The federal government is on track to open the health insurance marketplace October 1, while trying several tactics, including leveraging mobile media applications and getting help from sports teams, to persuade young people to sign up for health insurance, according to Marilyn Tavenner, administrator of the Centers for Medicare & Medicaid Services.
A "big section" of CMS' marketing efforts are targeting consumers aged 26 to 35 to participate in state health insurance exchanges, Tavenner told Dallas Morning News columnist Pamela Yip in an interview published Sunday.
"We're trying to do it through sports, through media applications--your iPhone, iPad--the types of things that younger individuals tend to use," Tavenner said in the column. "We also have external marketing groups who are focusing energy on what's appealing to a young person. It's not the idea of cancer or a heart attack; it's the idea of a sports injury. How do you get protected around these things?"
Young couples also are targeted, Tavenner said, with marketing that appeals to their desire to take care of their children.
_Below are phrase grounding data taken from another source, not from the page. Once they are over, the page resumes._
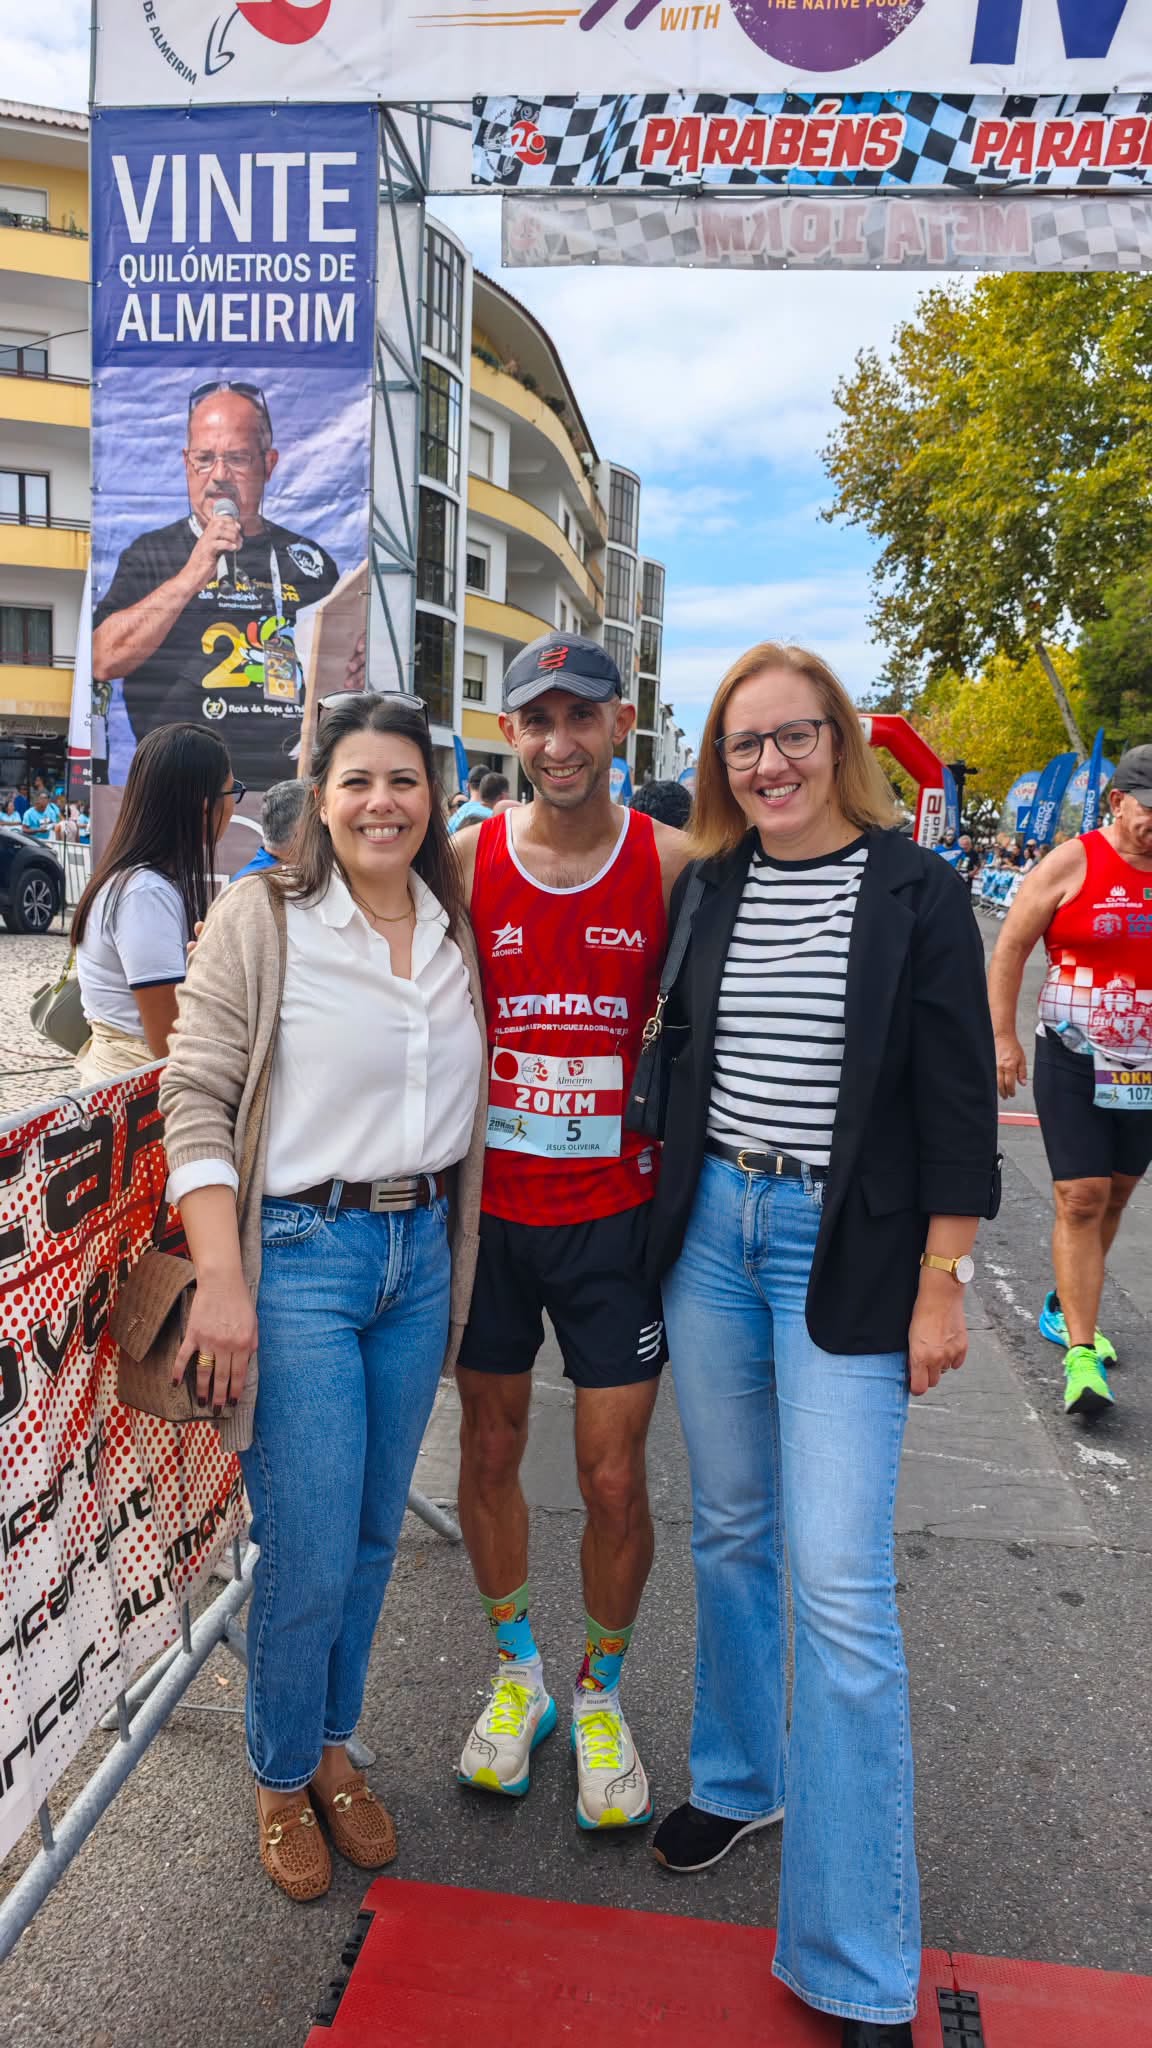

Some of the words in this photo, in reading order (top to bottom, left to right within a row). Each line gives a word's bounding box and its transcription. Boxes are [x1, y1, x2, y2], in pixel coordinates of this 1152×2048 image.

[143, 0, 157, 22] DE
[660, 4, 720, 31] WITH
[803, 0, 860, 10] NATIVE
[149, 26, 197, 85] ALMEIRIM
[639, 100, 904, 174] PARABÉNS
[970, 115, 1152, 174] PARAB
[111, 151, 357, 244] VINTE
[119, 247, 311, 289] QUILÓMETROS
[320, 253, 355, 282] DE
[116, 292, 355, 343] ALMEIRIM
[585, 926, 643, 948] CDM
[491, 947, 523, 957] ARONICK
[497, 993, 629, 1019] AZINHAGA
[558, 1076, 593, 1085] Almeirim
[515, 1087, 596, 1114] 20KM
[1127, 1087, 1152, 1101] 107
[566, 1119, 582, 1142] 5
[568, 1143, 600, 1151] OLIVEIRA
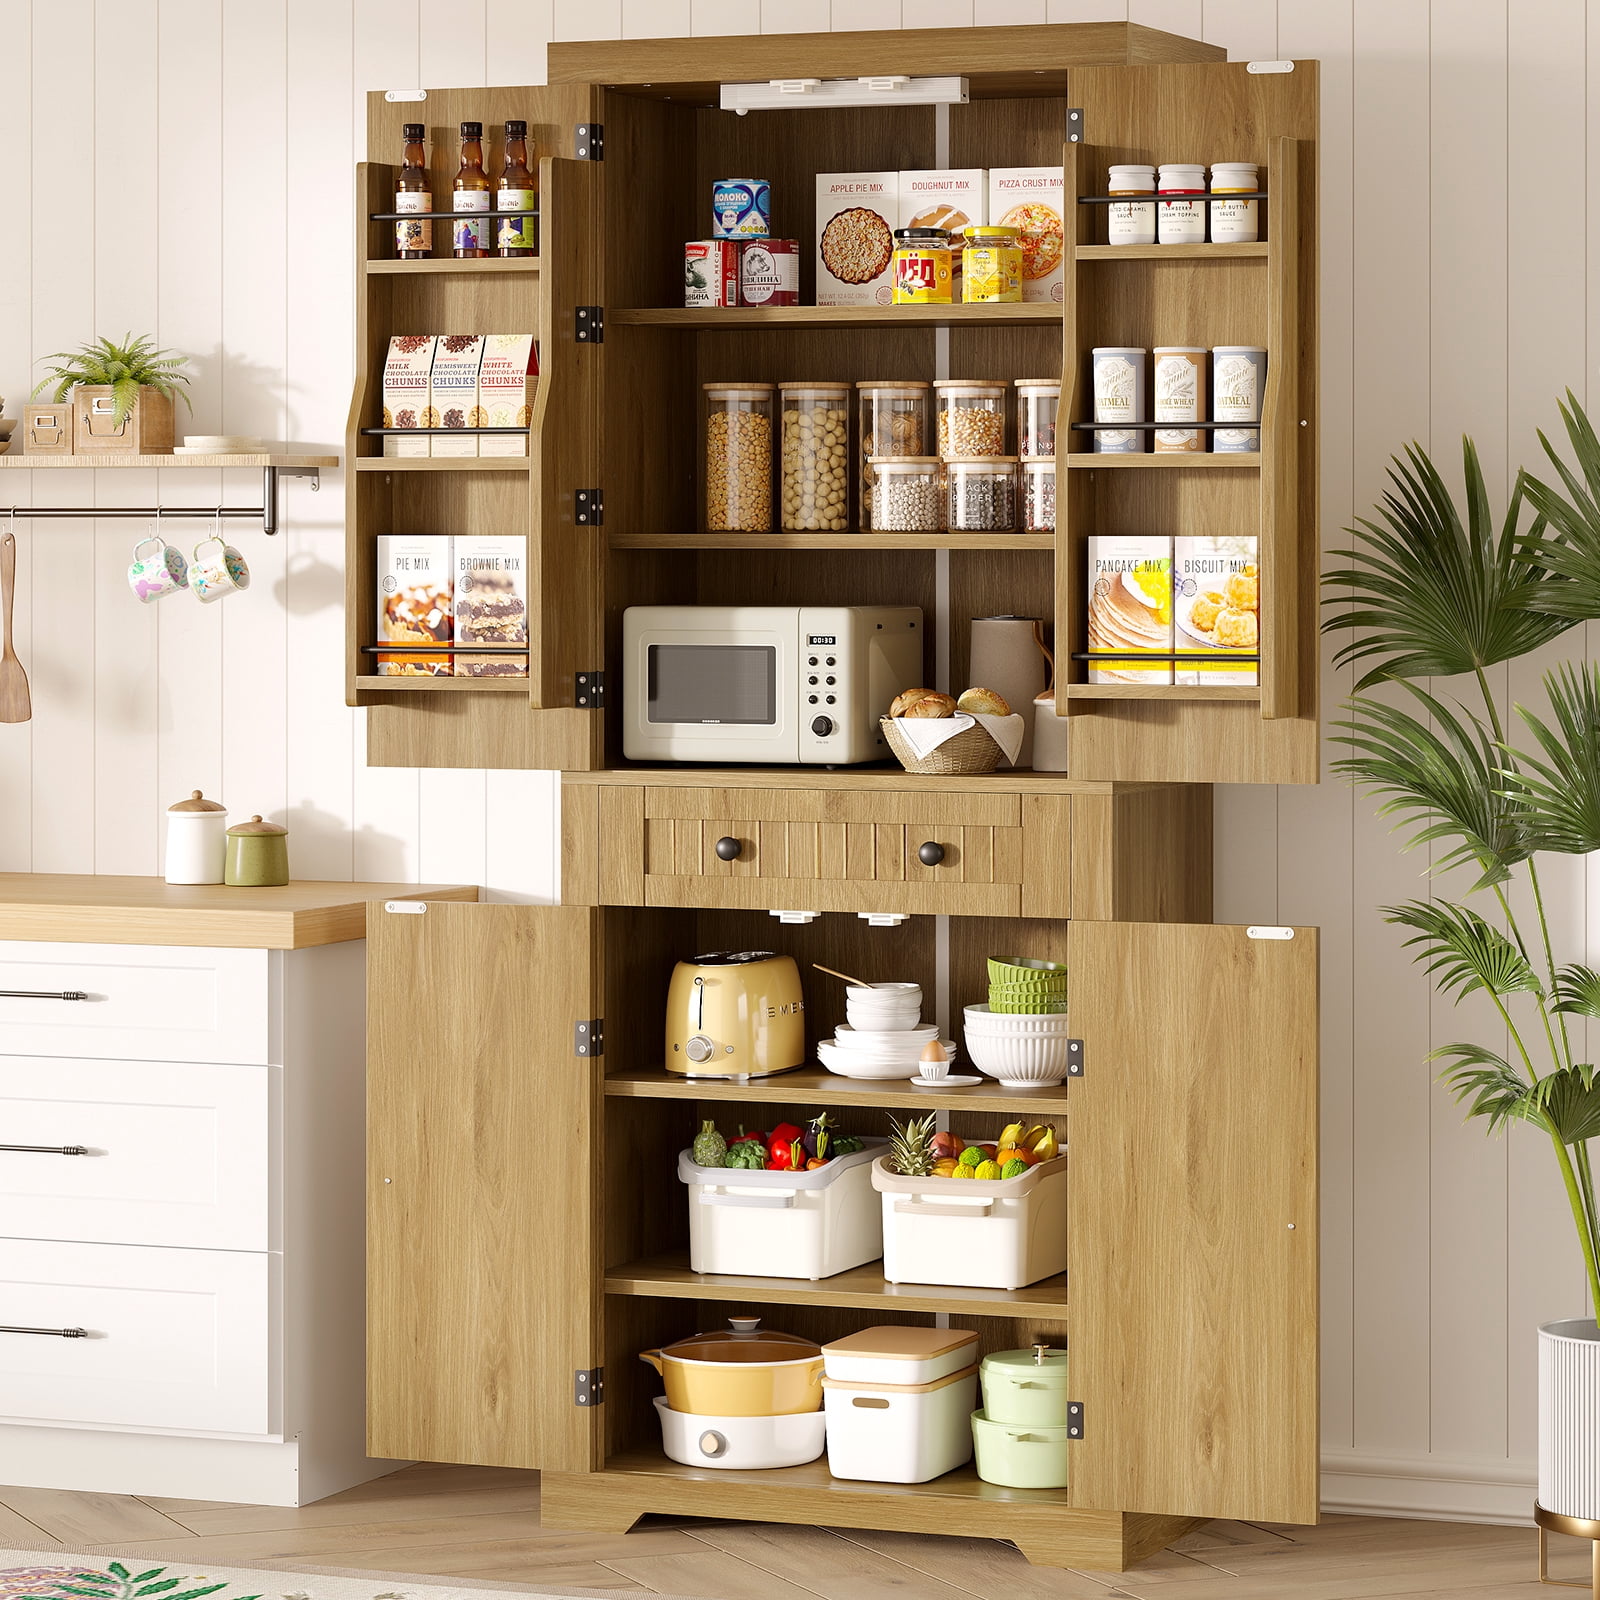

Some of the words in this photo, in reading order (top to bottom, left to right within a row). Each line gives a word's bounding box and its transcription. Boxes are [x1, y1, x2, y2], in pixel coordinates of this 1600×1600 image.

[830, 184, 853, 193] APPLE
[855, 183, 867, 192] PIE
[869, 183, 884, 192] MIX
[912, 181, 953, 190] DOUGHNUT
[955, 181, 970, 189] MIX
[999, 179, 1020, 188] PIZZA
[1022, 178, 1048, 187] CRUST
[1049, 178, 1064, 187] MIX
[384, 377, 428, 386] CHUNKS
[432, 376, 476, 385] CHUNKS
[481, 376, 524, 385] CHUNKS
[1173, 398, 1195, 406] WHEAT
[396, 557, 410, 570] PIE
[414, 557, 430, 570] MIX
[460, 557, 500, 571] BROWNIE
[504, 557, 520, 570] MIX
[1095, 559, 1140, 573] PANCAKE
[1144, 559, 1162, 573] MIX
[1184, 559, 1225, 573] BISCUIT
[1229, 559, 1248, 573] MIX
The biggest challenge in running successful exchanges is "getting consumers comfortable with what's going to be available and helping to manage their expectations," she added. "It's making people aware of how you get started."
"Navigator" organizations will help people sign up for insurance in Texas, she said. The federal government, which is setting up the exchanges in 26 states including Texas, will steer consumers toward online applications because "the quicker the process, the easier it is," she said.
CMS is currently loading insurer data into the exchanges, verifying data accuracy and testing the technology before the exchanges go live Oct. 1, Tavenner said. Consumers will be able to look at insurance rates for their states around Labor Day, she added. A call center for questions launched at the end of June along with the website healthcare.gov.
Tavenner was in Dallas to address the National Association of County and City Health Officials conference, and visit with local business and healthcare leaders, Yip reported.
Her newspaper interview followed Tavenner's July 9 post on the HHS.gov/Healthcare blog trying to dispel so-called myths about the health insurance marketplace, which she said is on track to open Oct. 1.
The marketplace will check income information submitted by applicants against electronic data including tax filings, wage information and Social Security data, she wrote. Additional data will be requested "in most circumstances" when the applicant doesn't have a tax return on file, for example, or claims an income not supported by current wage data.
She also said the system includes safeguards to ensure people cannot fraudulently qualify for tax credits to help pay insurance premiums, including IRS reconciliation of advance payments of the premium tax credits.